The company that owns an Alabama hamburger plant can proceed with its negligence counterclaim involving defective freezers the manufacturer allegedly failed to fix, a Delaware Superior Court judge decided Monday.

Judge Eric M. Davis of the Delaware Superior Court determined Irvine, California-based Golden State Foods Corp. provided sufficient information for its claim that the $3.715 million freezers it agreed to purchase from food processing technology manufacturer GEA Systems North America, which is headquartered in York, Pennsylvania, had been improperly installed and maintained, with Golden State suffering losses due to the freezers launching hamburger patties around its plant.

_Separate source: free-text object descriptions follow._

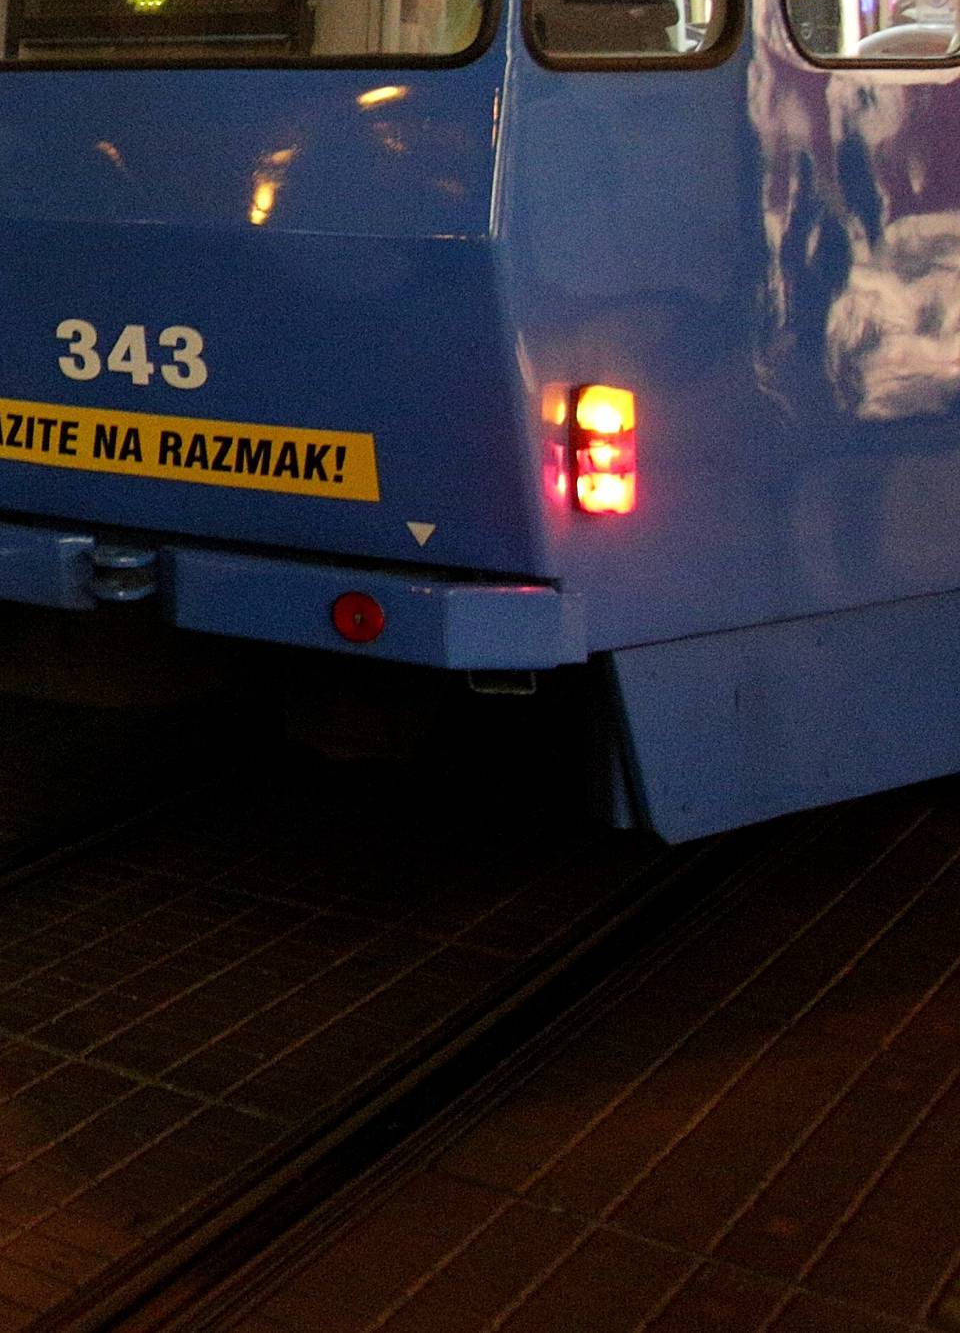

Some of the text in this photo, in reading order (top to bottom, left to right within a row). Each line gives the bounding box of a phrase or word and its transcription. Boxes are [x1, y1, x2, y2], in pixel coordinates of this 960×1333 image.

[56, 318, 208, 389] 343
[92, 423, 144, 464] NA
[158, 430, 347, 484] RAZMAK!
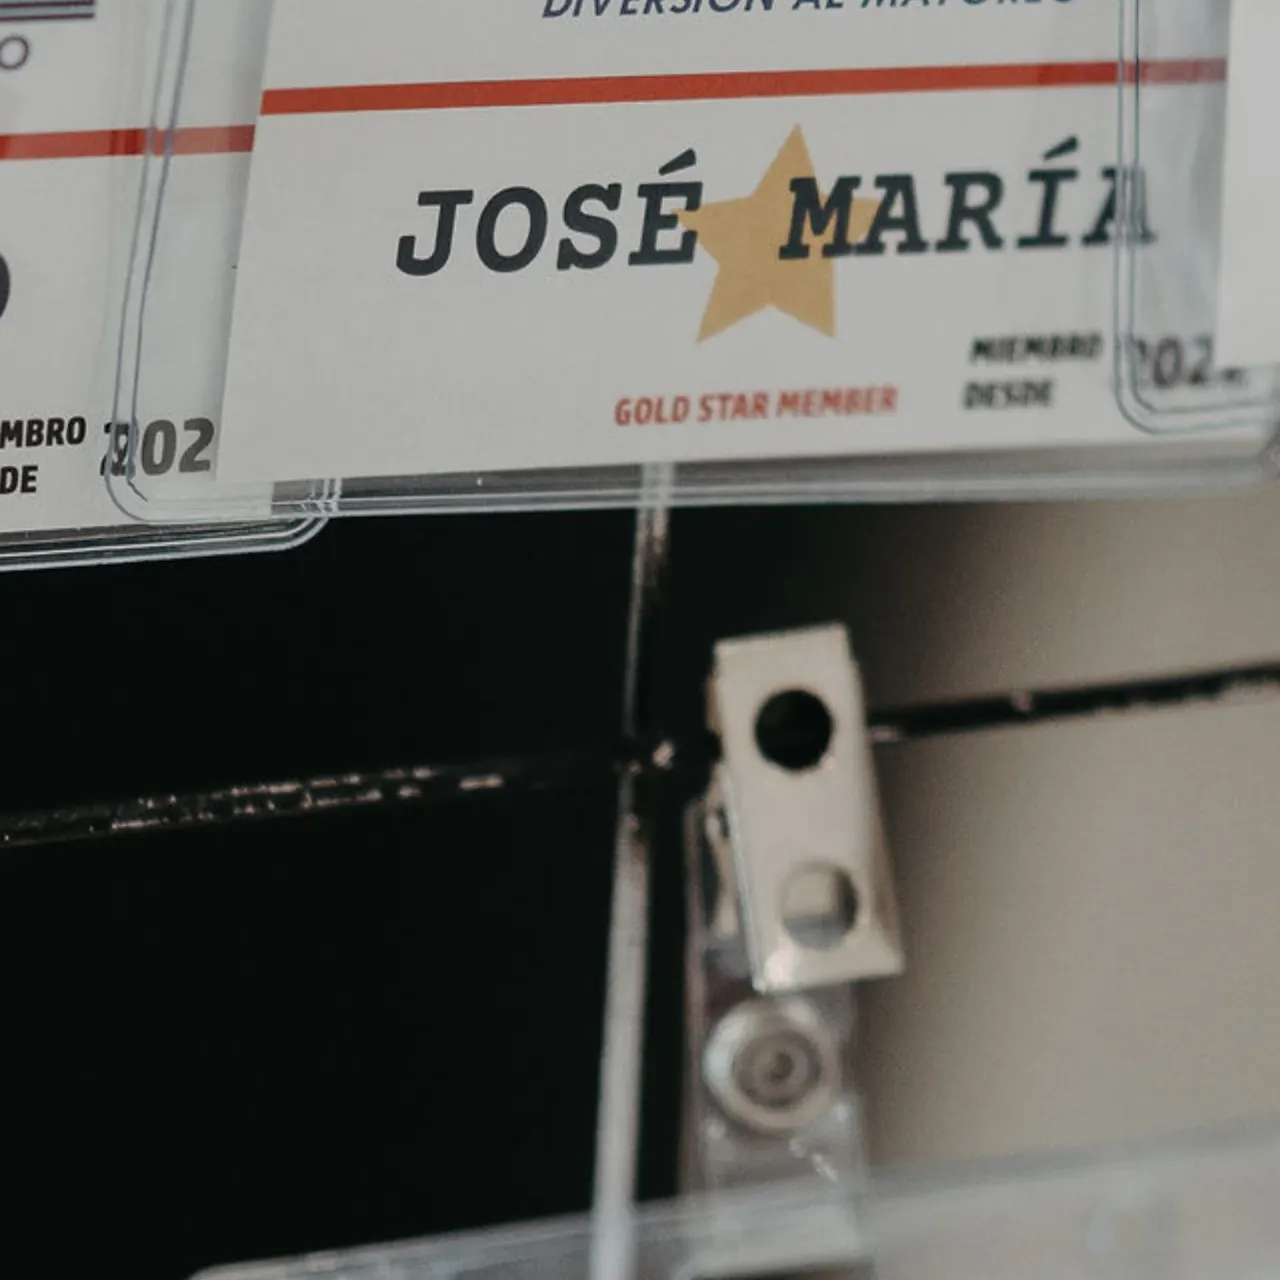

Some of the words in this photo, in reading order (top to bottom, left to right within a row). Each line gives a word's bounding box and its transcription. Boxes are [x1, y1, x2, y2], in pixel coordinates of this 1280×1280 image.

[395, 148, 704, 277] JOSÉ
[778, 136, 1157, 261] MARÍA
[613, 395, 691, 426] GOLD
[697, 392, 771, 422] STAR
[775, 386, 899, 418] MEMBER
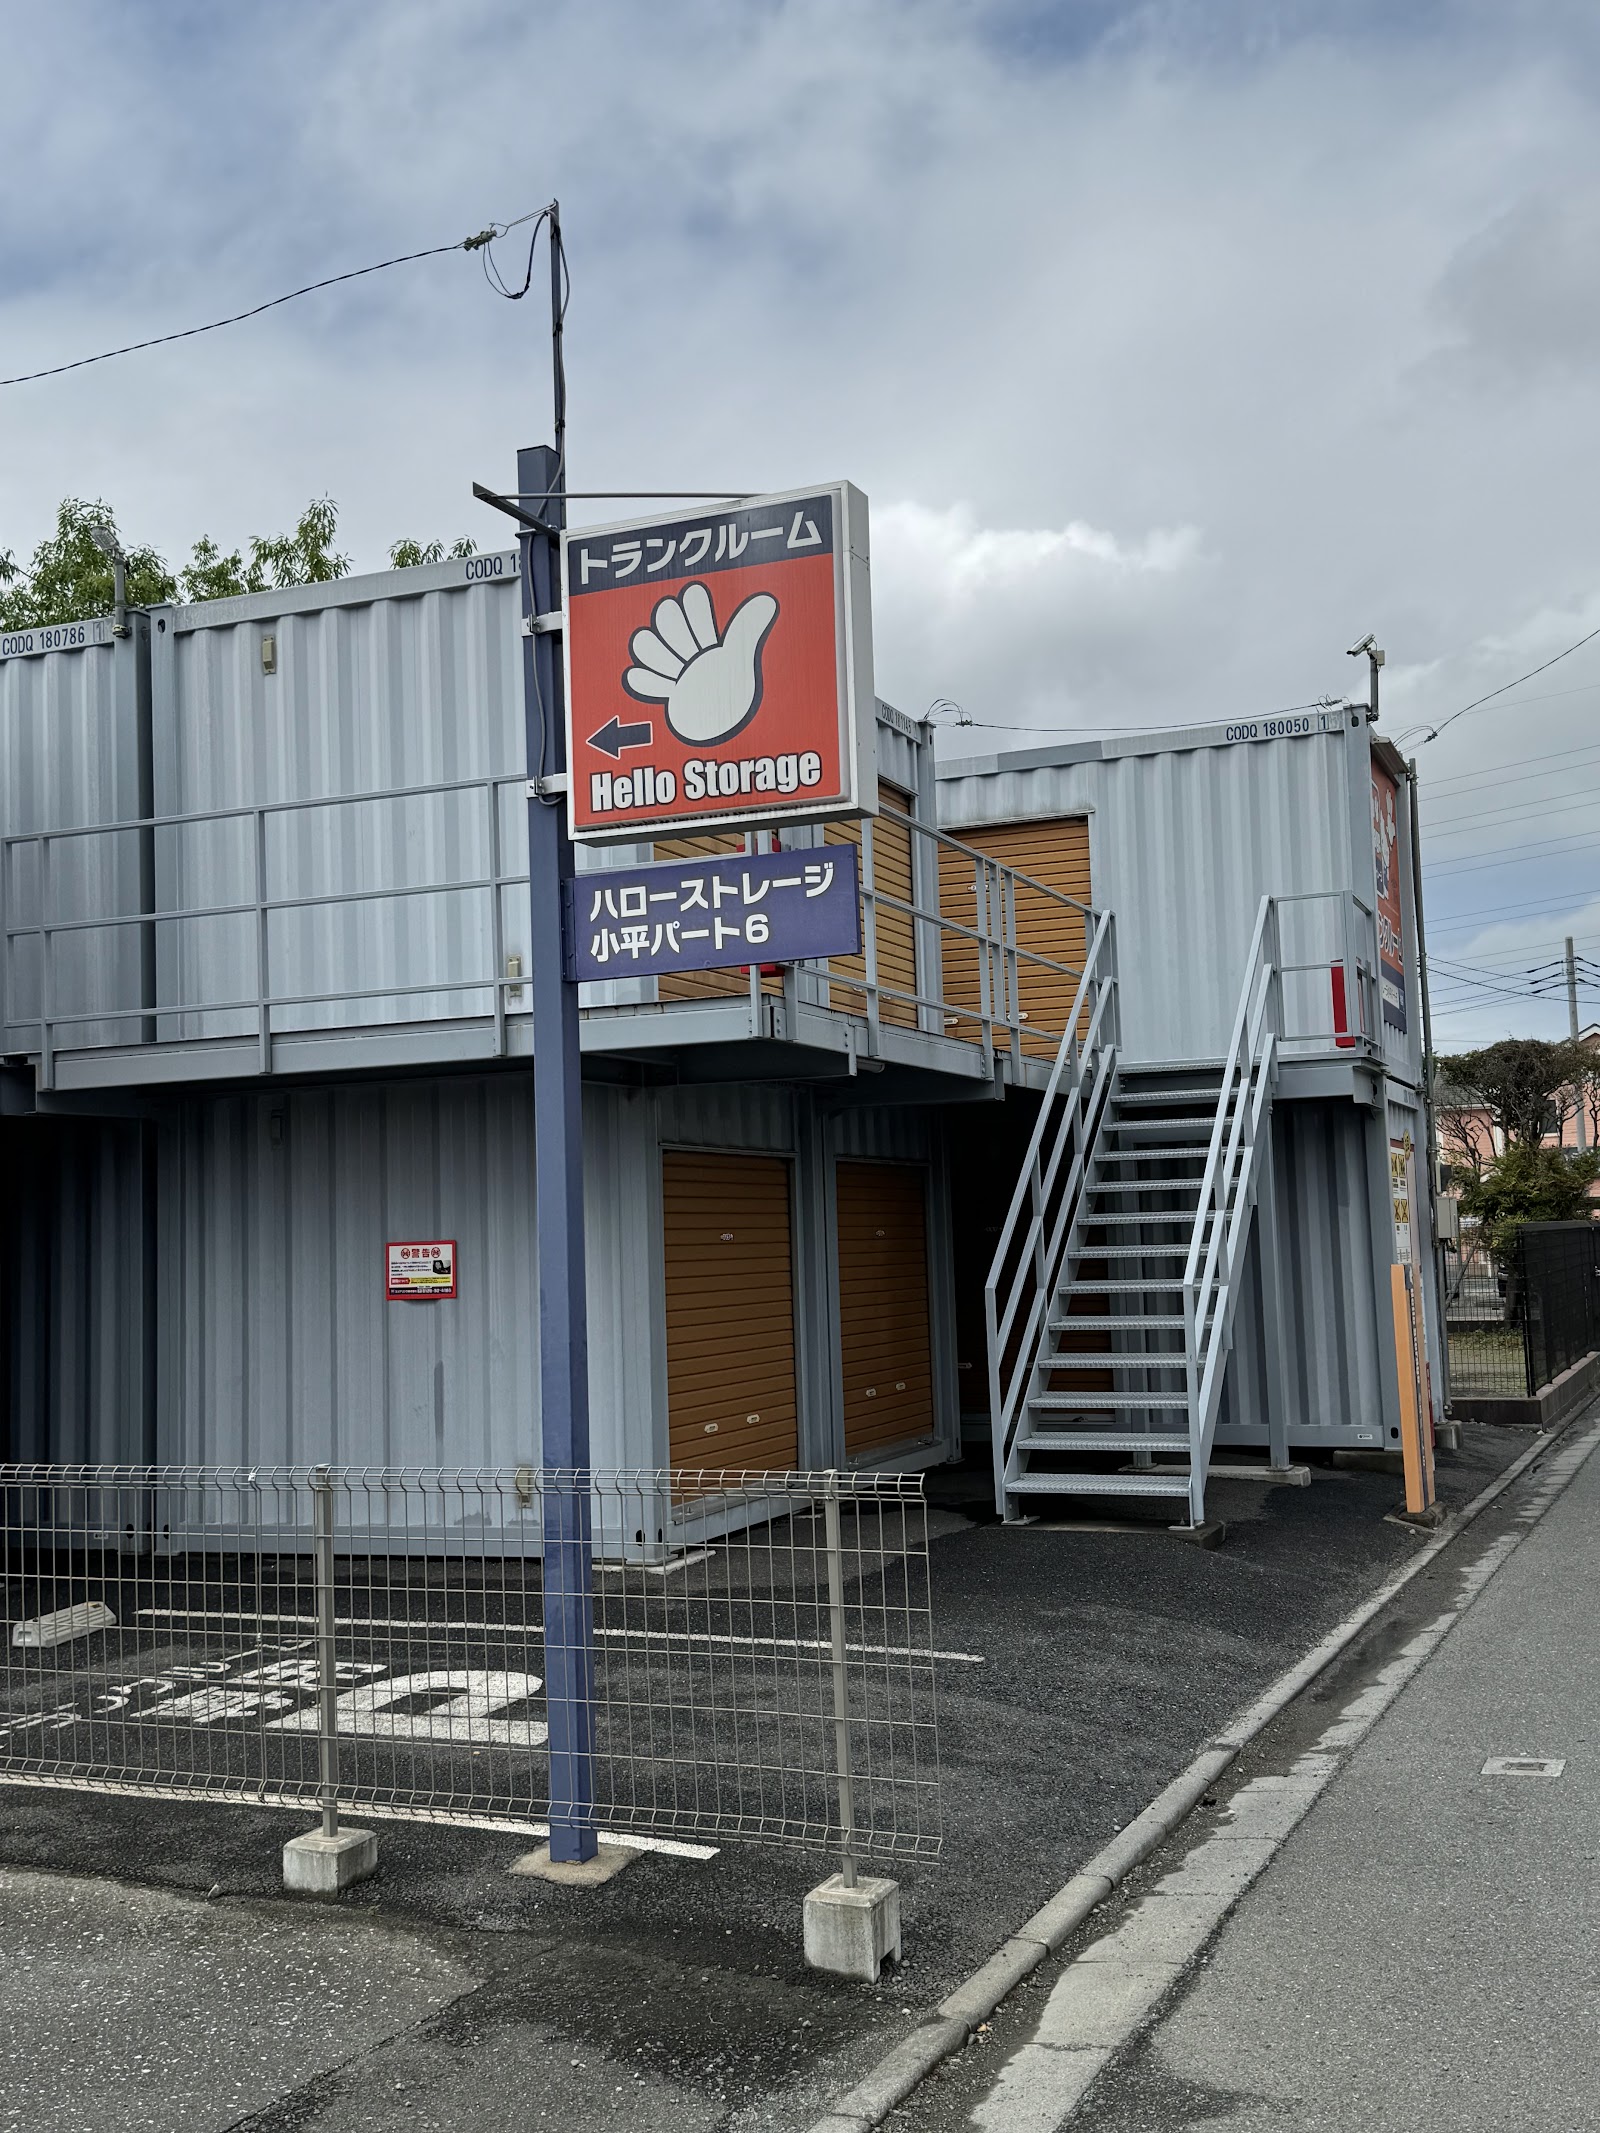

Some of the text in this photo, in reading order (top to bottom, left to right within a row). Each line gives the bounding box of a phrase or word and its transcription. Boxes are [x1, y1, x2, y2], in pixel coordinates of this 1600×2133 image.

[466, 556, 503, 580] CODQ
[580, 511, 823, 585] トランクルーム
[2, 634, 34, 655] CODQ
[39, 626, 85, 649] 180786
[1226, 724, 1258, 741] CODQ
[1263, 717, 1310, 736] 180050
[590, 751, 822, 813] Hello Storage
[590, 862, 834, 922] ハローストレージ
[590, 913, 769, 962] 小平パート6

In the same decision, six other counterclaims brought against GEA were dismissed. At a Jan. 21 hearing, the court determined Golden State could also proceed with its claim of a breach of implied-in-fact contract but not with its allegation that GEA breached its covenant of good faith and fair dealing. Two breach of contract counterclaims which GEA didn't move to dismiss are still pending.

GEA filed its Superior Court complaint against Golden State in November of 2018, alleging Golden State hadn't paid the full amount owed for three spiral freezers it agreed to purchase in 2016 to use in its hamburger patty production facility in Opelika, Alabama.

In September 2019, Golden State filed counterclaims against GEA and a third-party claim against Allianz Global Risks U.S. Insurance, alleging breaches of contract, negligence, gross negligence, fraudulent inducement, intentional and negligent misrepresentation, unjust enrichment and indemnification.

Davis determined several of those counterclaims to be barred either by the state's economic loss doctrine or by the contract between the companies, while the claim of negligent misrepresentation was dismissed because the Delaware Court of Chancery has exclusive jurisdiction in that area.

According to the opinion issued Monday, though the freezers were installed by August 2017, they had a number of issues that kept Golden State from being able to use them as intended, including failing parts, missing systems and doors installed on the wrong side. An email from Golden State executives to GEA's vice president and a project manager and engineer stated the freezers' flaws had led to hamburger patties "flying around like popcorn," and failing parts were said to have left the freezers inoperable for large parts of the 17-hour shifts for which they were supposed to be used.

GEA reportedly said it would fix the freezers but did not do so, with Golden State alleging as part of its negligence counterclaim that GEA's seven-month delay in finding solutions was done in an attempt to continue collecting payments from Golden State.

Hutchinson Robbins Jr. of Miles & Stockbridge in Baltimore, the firm that is representing GEA, said the case is proceeding in the Superior Court's complex commercial litigation division rather than in the Court of Chancery because it's a contractual dispute, not a corporate one.

In its motion to dismiss, GEA's arguments included that Delaware law, not Alabama law, should be applied in the case, while Golden State responded Alabama law should take precedent. Davis wrote that the court isn't required to conduct a choice of law analysis because there doesn't appear to be a conflict between the applicable laws in the two states.

Robbins said while it's frequent that laws from more than one state could be applied in a case, it's uncommon for one law to not be chosen.

"The allegations here were that there were multiple documents comprising one contract, and so the potential for conflict in choice of law is very real," Robbins said. "Typically, the parties have agreed upon a choice of law, and even if there are multiple components to their contract, it's going to be one choice of law that governs the whole thing."